Wednesday, July 29, 2009

The New Creation

The beginning of Psalm 148 calls on the angels and the Sabaoth, the sun, moon, and stars, the heavens, to praise the Lord. Then it says why:

For He commanded and they were created.
He also established them forever and ever;
He made a decree which shall not pass away.


At the end of the world, come Judgment Day, the world will be destroyed by fire. God will make a new heaven and a new earth. I always thought that meant God was going to destroy it all and start over.

But now I'm wondering.

We believe in the resurrection of the body. We don't believe in a "do-over." WE will be in heaven with our bodies. We won't be different people, with different bodies.

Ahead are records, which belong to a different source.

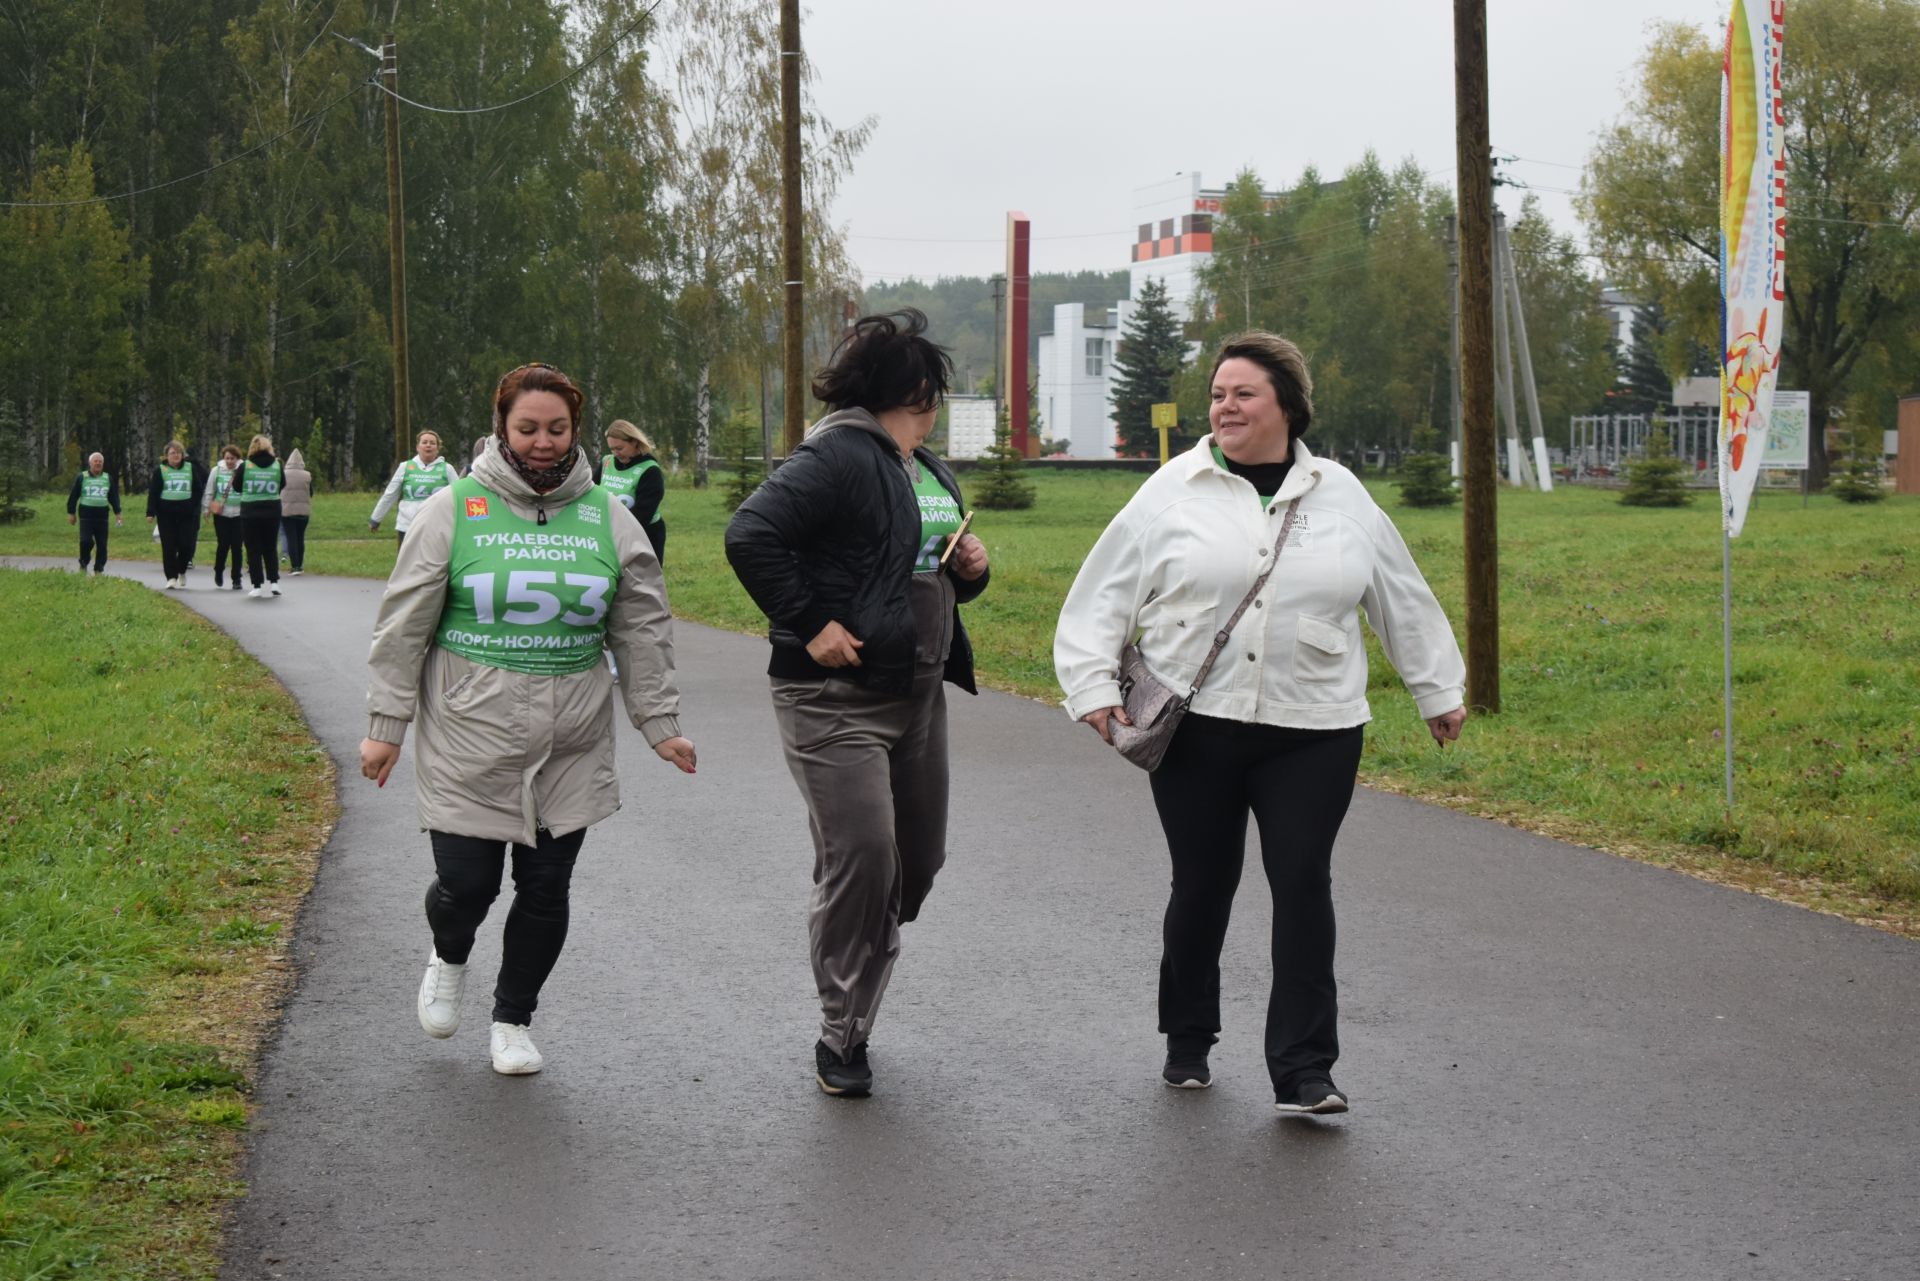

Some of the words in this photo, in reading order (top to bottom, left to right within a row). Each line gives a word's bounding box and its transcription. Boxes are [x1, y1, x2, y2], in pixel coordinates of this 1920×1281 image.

[1762, 23, 1773, 156] СПОРТОМ
[1764, 165, 1774, 299] ЗАЙМИСЬ
[164, 479, 190, 492] 171
[245, 480, 278, 494] 170
[921, 507, 957, 523] АЙОН
[473, 532, 599, 553] ТУКАЕВСКИЙ
[503, 545, 577, 562] РАЙОН
[462, 570, 610, 627] 153
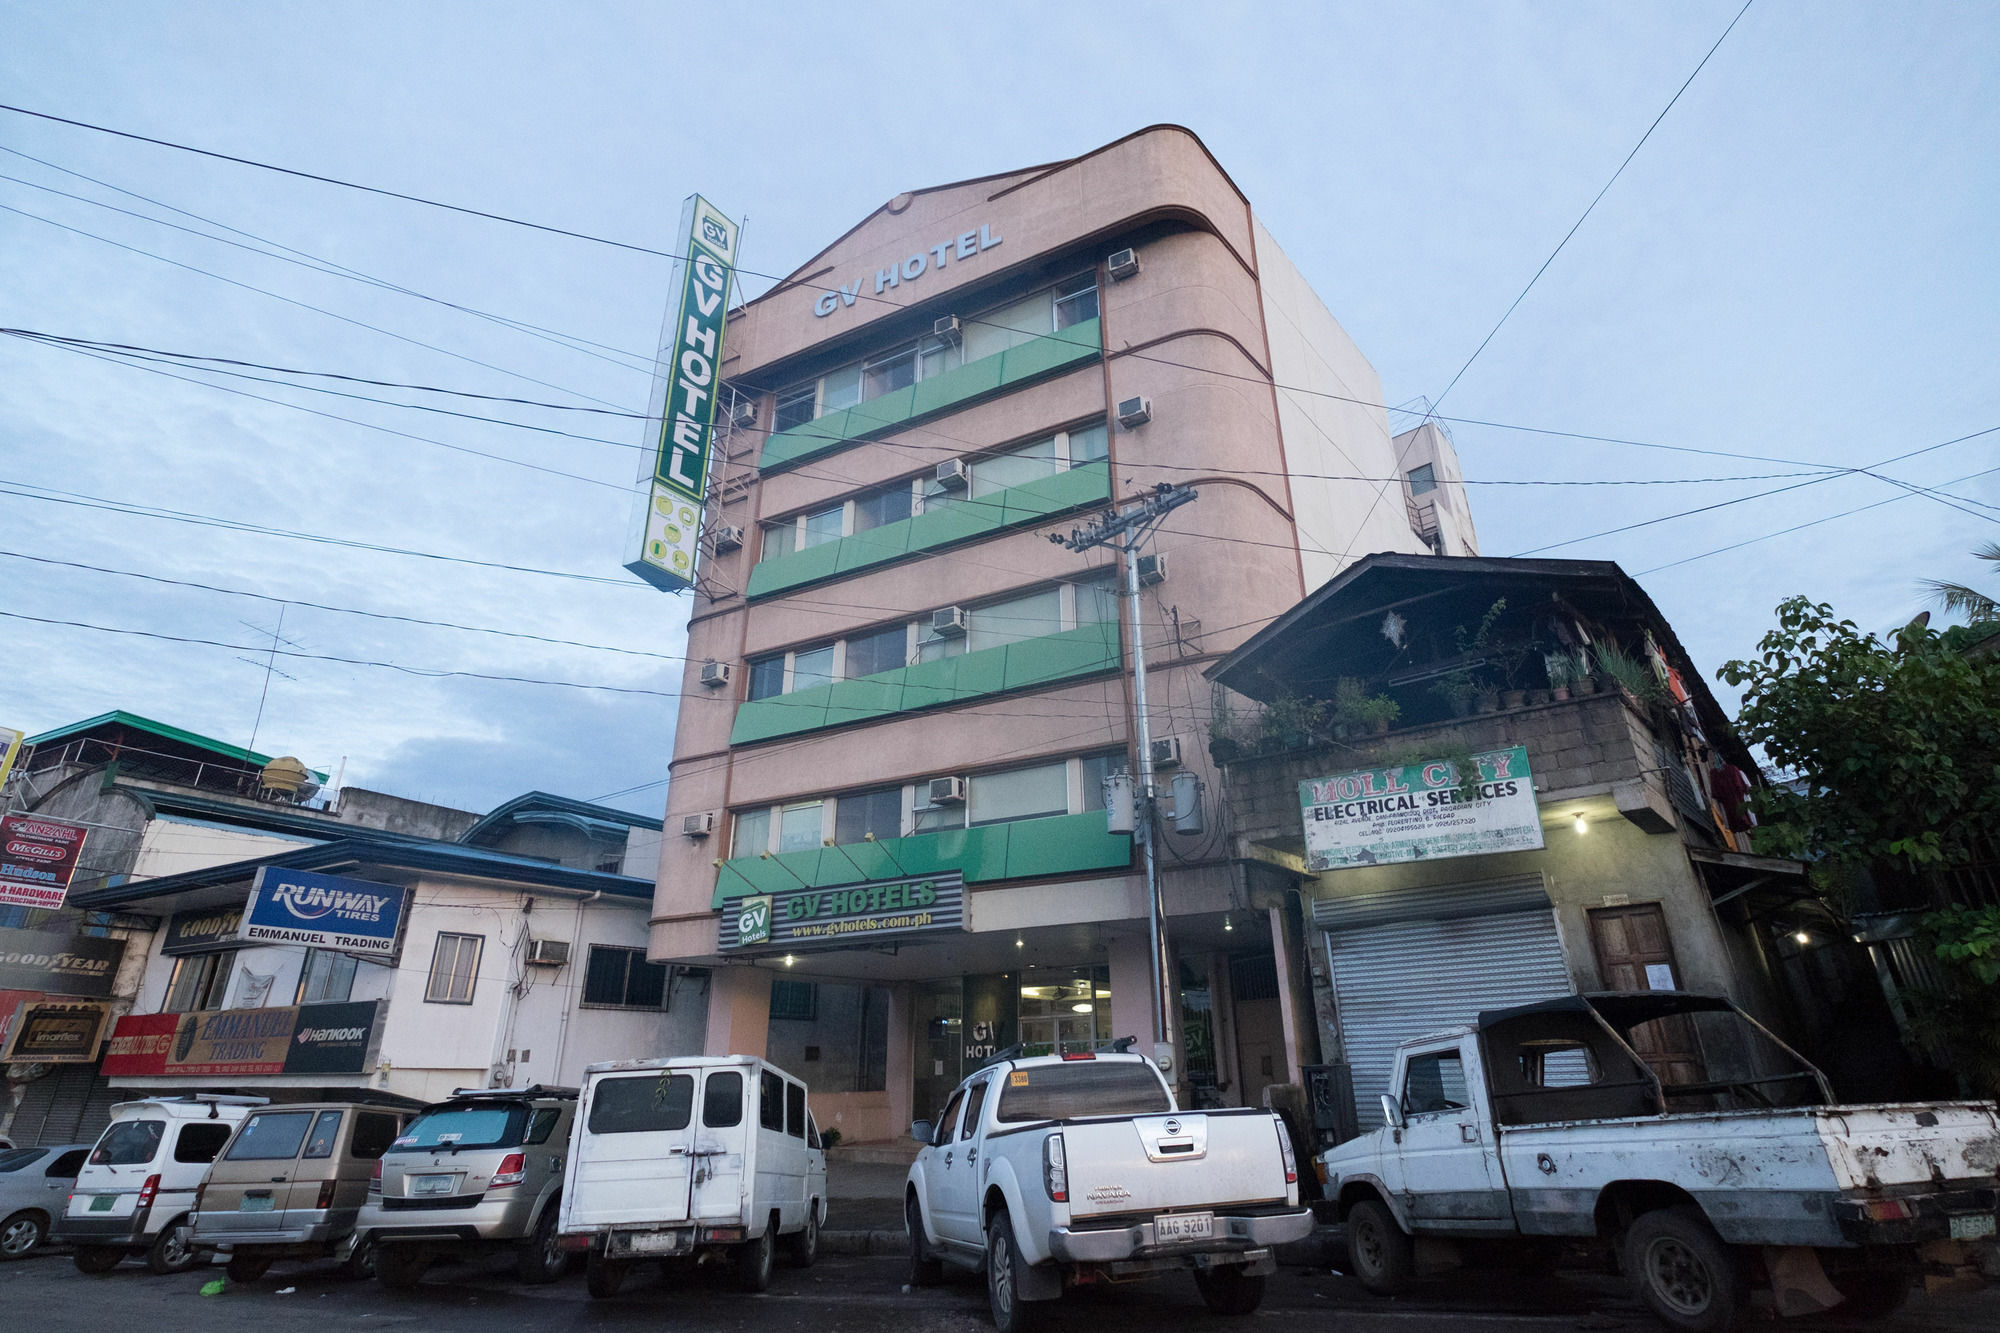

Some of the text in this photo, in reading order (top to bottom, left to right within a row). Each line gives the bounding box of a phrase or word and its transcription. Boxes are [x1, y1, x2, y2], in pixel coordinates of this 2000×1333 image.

[704, 222, 726, 242] GV
[814, 223, 1003, 318] GV HOTEL
[669, 314, 716, 489] HOTEL
[1315, 794, 1419, 822] ELECTRICAL
[1476, 800, 1491, 809] CITY
[26, 823, 77, 841] ANZAHL
[0, 863, 57, 881] Hudson
[8, 885, 64, 901] HARDWARE
[272, 883, 391, 914] RUNWAY
[787, 881, 936, 919] GV HOTELS
[335, 909, 380, 922] TIRES
[739, 907, 766, 933] GV
[792, 912, 932, 936] www.gvhotels.com.ph
[248, 927, 326, 944] EMMANUEL
[335, 936, 390, 950] TRADING
[742, 930, 766, 944] Hotels
[200, 1011, 293, 1040] EMMANUEL
[209, 1041, 265, 1060] TRADING
[1160, 1218, 1210, 1236] AAG 9201
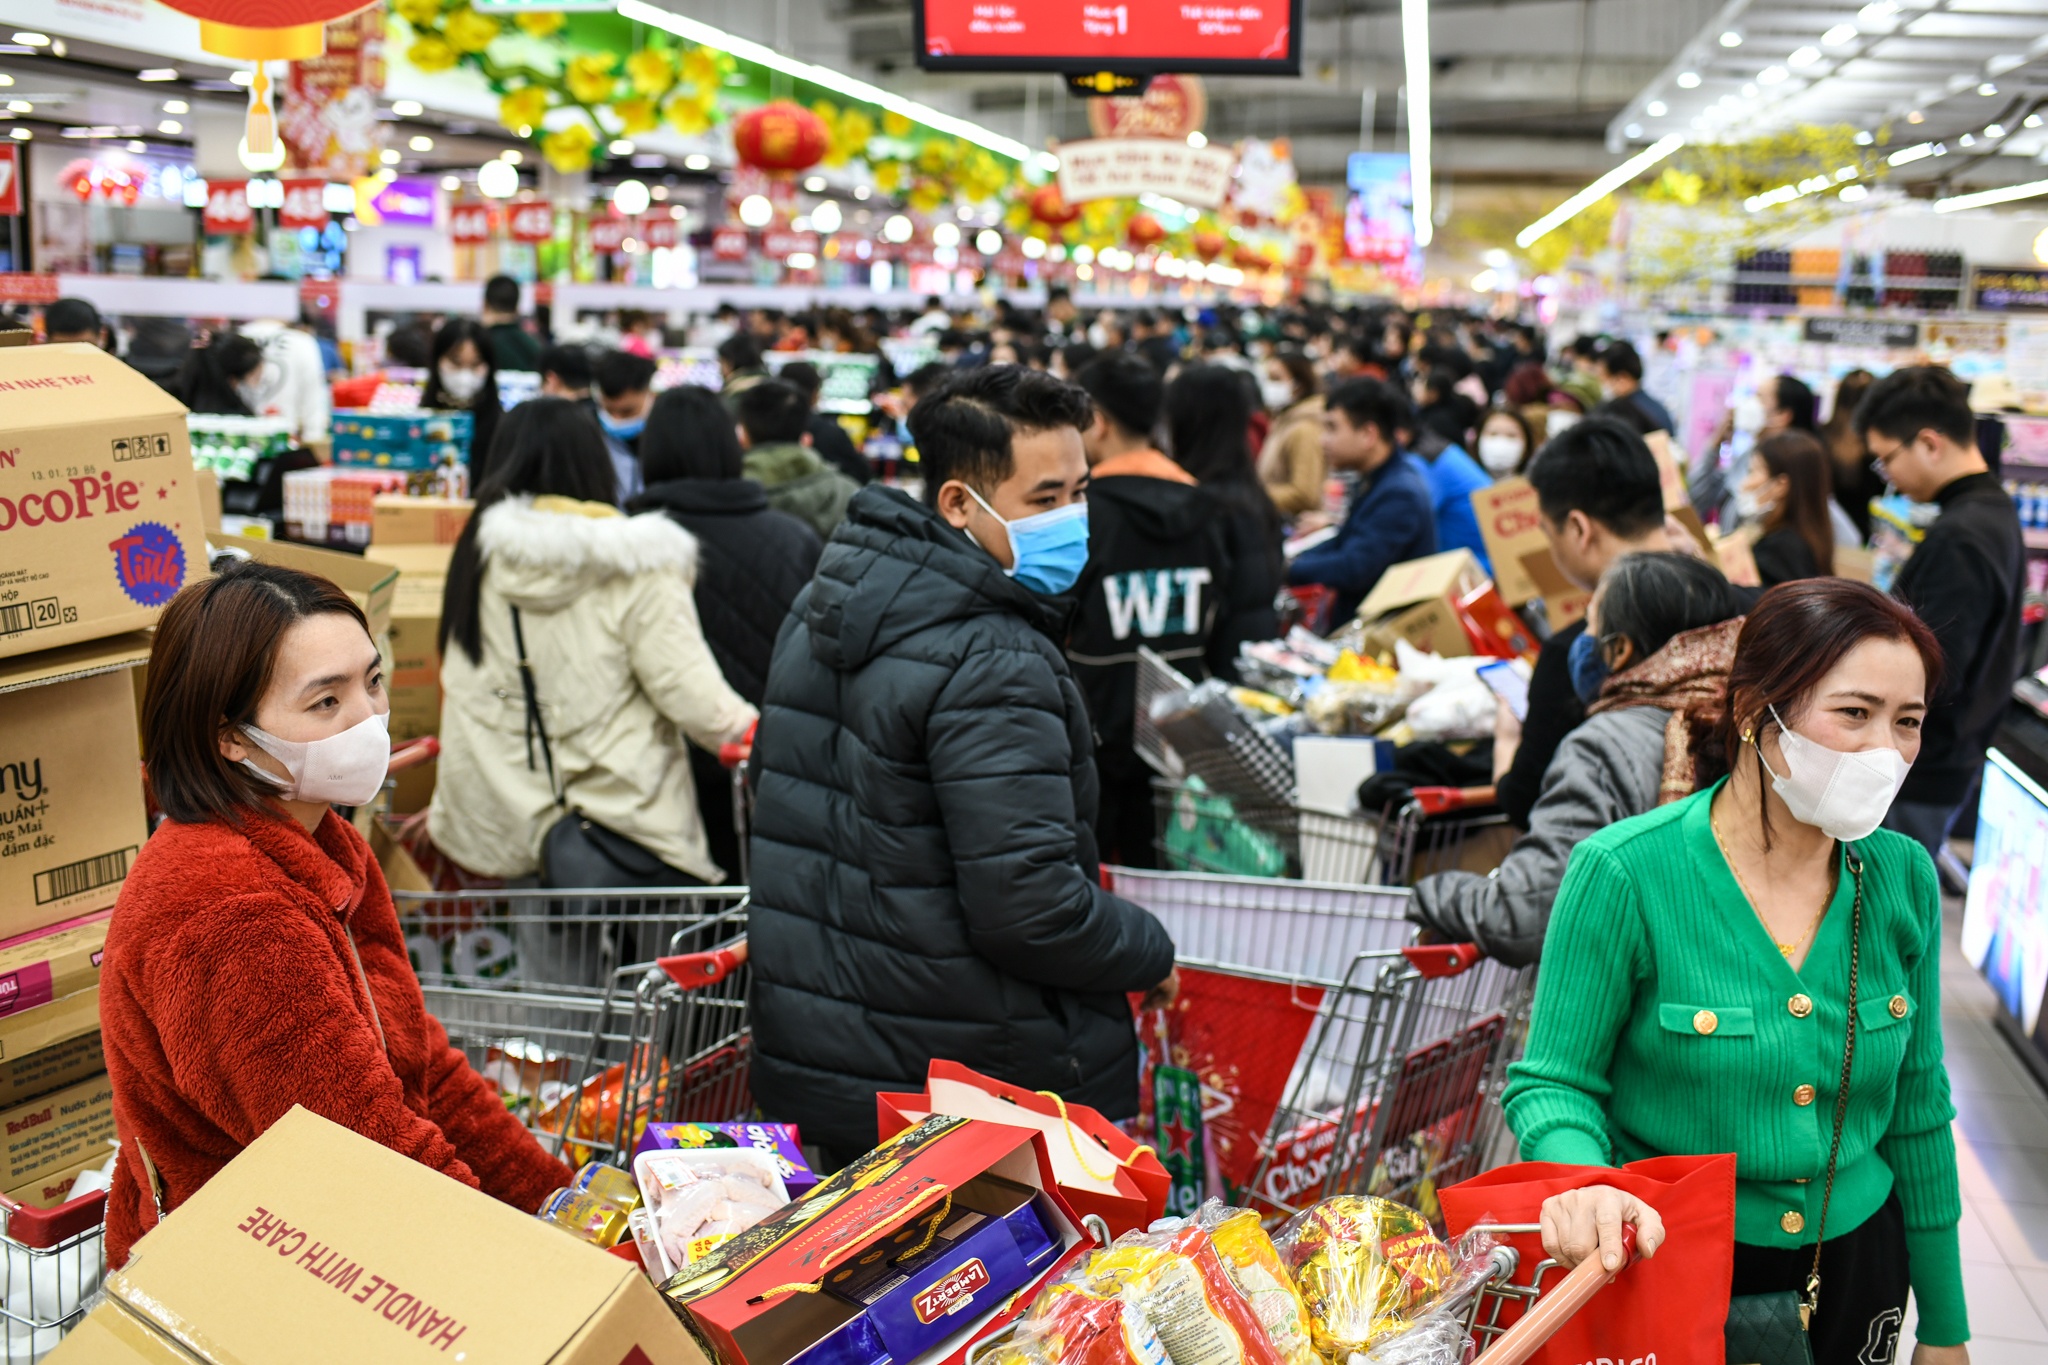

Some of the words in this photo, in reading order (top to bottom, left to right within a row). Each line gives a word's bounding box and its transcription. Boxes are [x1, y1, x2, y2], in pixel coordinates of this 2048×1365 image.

[1112, 5, 1127, 35] 1
[205, 191, 249, 221] 46
[284, 188, 325, 220] 45
[57, 374, 95, 386] TAY
[108, 536, 180, 588] Tình
[37, 603, 56, 622] 20
[1103, 566, 1213, 640] WT
[18, 819, 43, 837] Mai
[2, 842, 30, 857] đậm
[867, 1175, 909, 1203] Biscuit
[237, 1206, 308, 1257] CARE
[793, 1204, 865, 1252] Assortment
[295, 1241, 365, 1294] WITH
[351, 1274, 468, 1352] HANDLE

We will be our own selves, albeit with resurrected bodies that have been made gloriously free from the effects of sin.

Paul tells us (Romans 8) that the whole creation is yearning with eager expectation for the end of the world, for Judgment Day when the Christians will be revealed, when the world will be made new. Does that mean the sun and moon and stars are not going to be obliterated any more than people will be? Does that mean they too will be freed from the curse and made new? Are the rocks and the stars and mountains going to be like the people, where it's not a "scratch that, let's start over" but a perfecting and remake of what God already created?

1 comment:

  1. At the very least, that's how the early church saw it. Irenaeus talks about this a lot, especially when writing against the gnostics. He wanted them to understand that the creation is not evil and wicked, but good, because God made it and God redeemed through Christ. So the whole creation will not be destroyed, but rather made perfect through the same act that has redeemed us. This is all a pale shadow of how he actually writes about it (which is absolutely amazing), but you've at least got another church theologian who "wondered" the same thing. :) Actually, more than one. ;) For what it's worth, I think you're right, too.